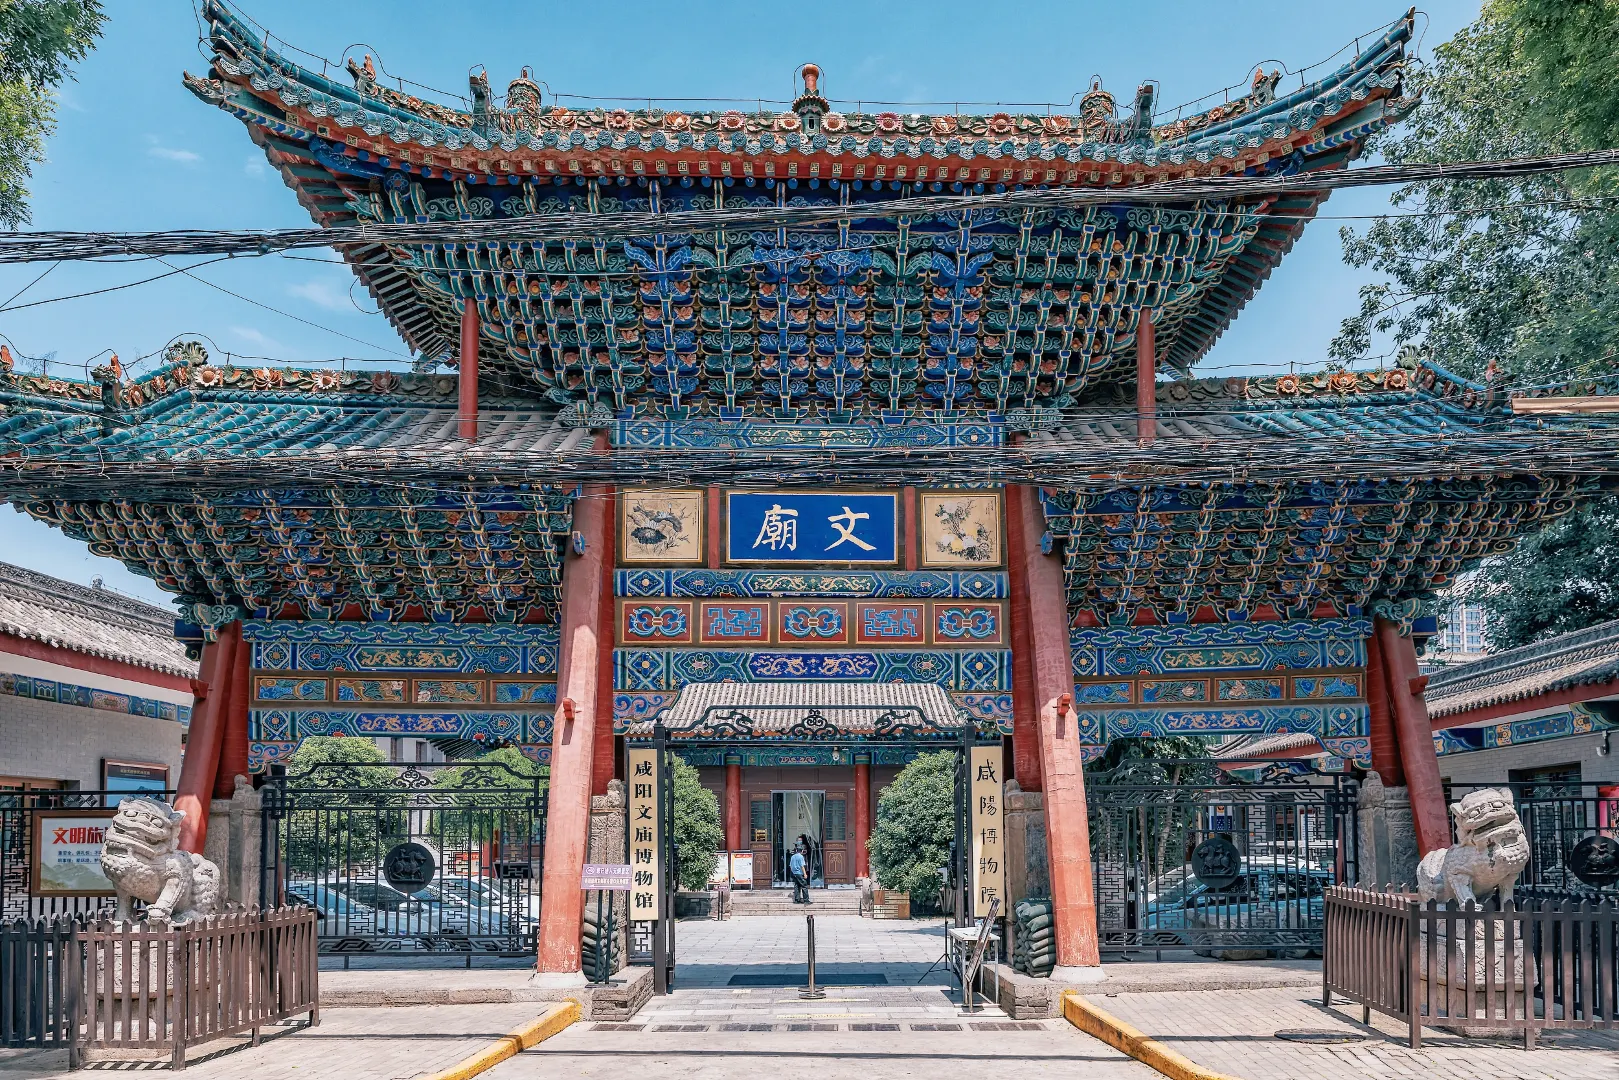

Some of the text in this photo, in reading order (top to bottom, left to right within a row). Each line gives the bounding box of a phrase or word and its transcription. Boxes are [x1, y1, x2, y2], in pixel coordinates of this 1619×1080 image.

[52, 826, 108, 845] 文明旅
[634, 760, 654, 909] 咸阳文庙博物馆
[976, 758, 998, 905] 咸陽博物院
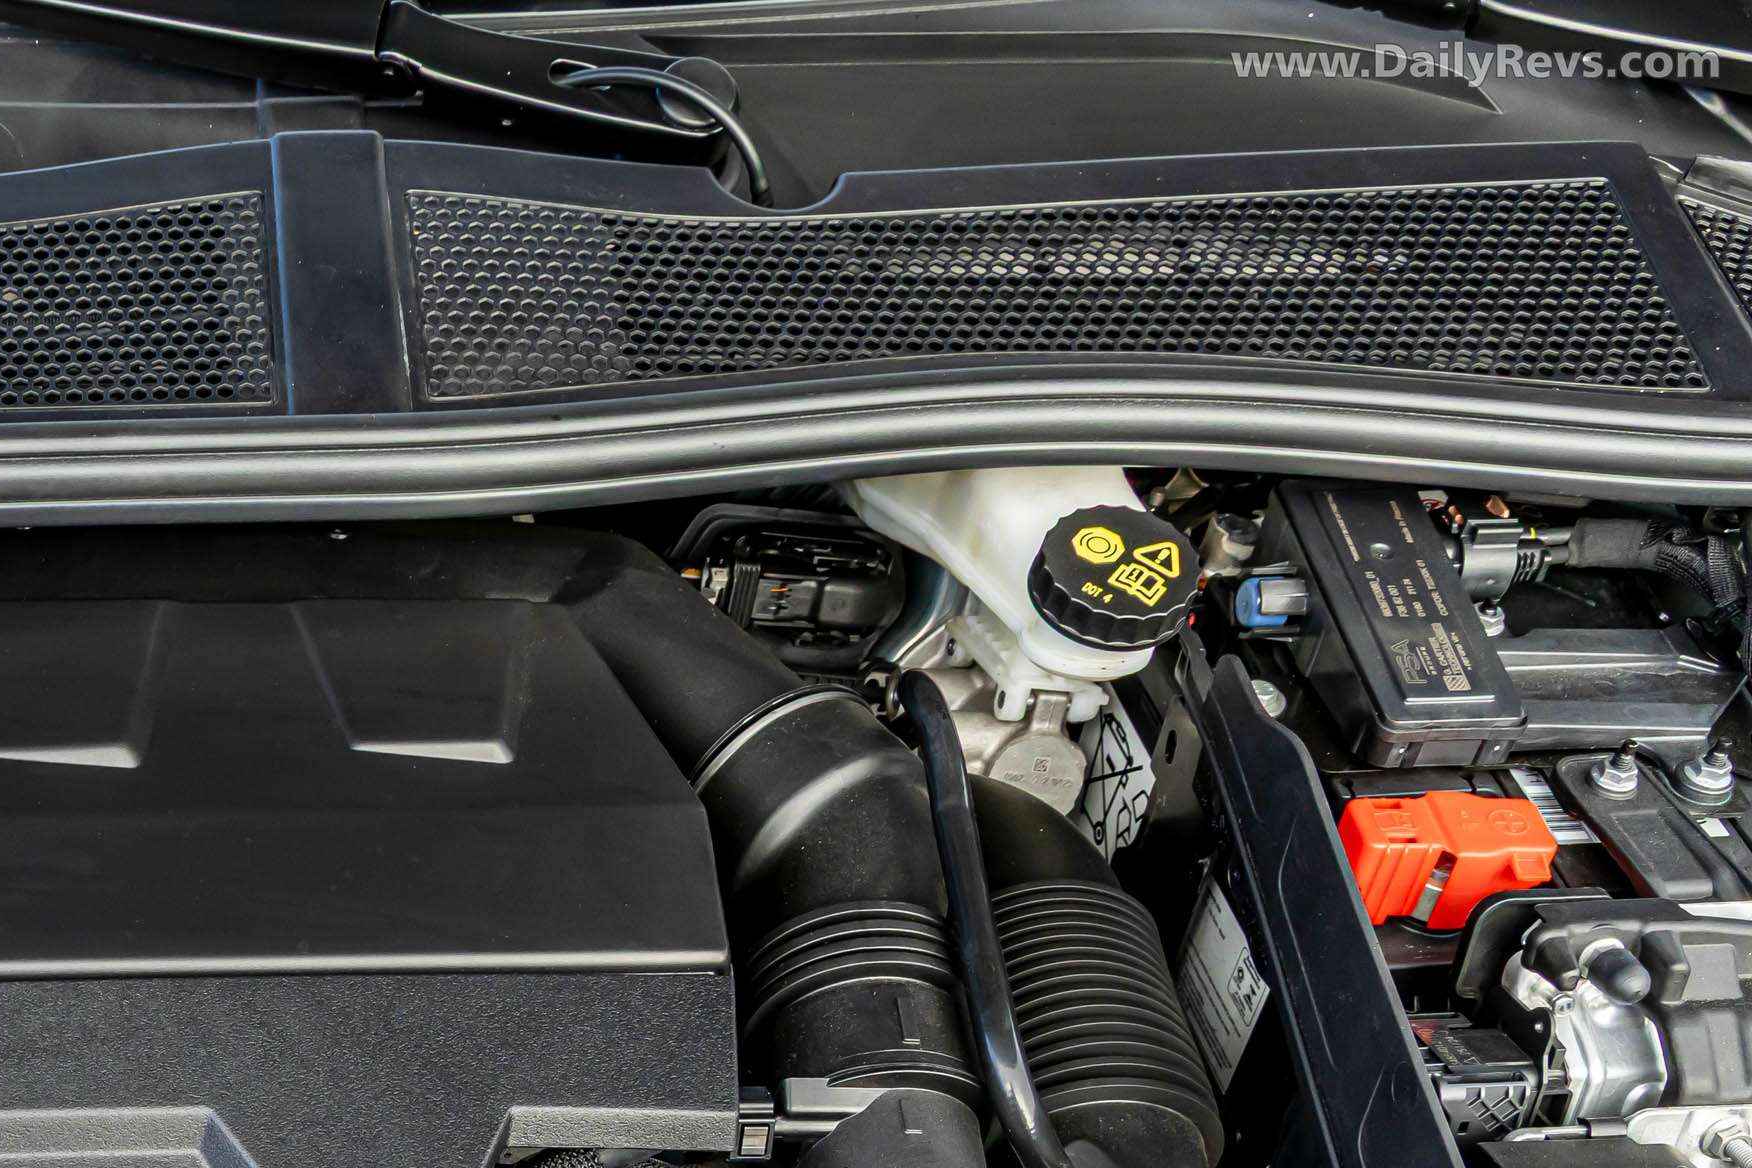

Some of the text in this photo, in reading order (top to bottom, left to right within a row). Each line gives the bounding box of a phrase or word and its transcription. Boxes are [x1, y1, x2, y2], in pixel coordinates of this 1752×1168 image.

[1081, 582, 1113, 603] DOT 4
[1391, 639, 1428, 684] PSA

Exercise objective:
Produce verbatim the lines starting at the one with "this 1752×1168 image." and ending at the last line of the material, both ends included. Add no other line.

Exercise output:
Some of the text in this photo, in reading order (top to bottom, left to right within a row). Each line gives the bounding box of a phrase or word and its transcription. Boxes are [x1, y1, x2, y2], in pixel coordinates of this 1752×1168 image.

[1081, 582, 1113, 603] DOT 4
[1391, 639, 1428, 684] PSA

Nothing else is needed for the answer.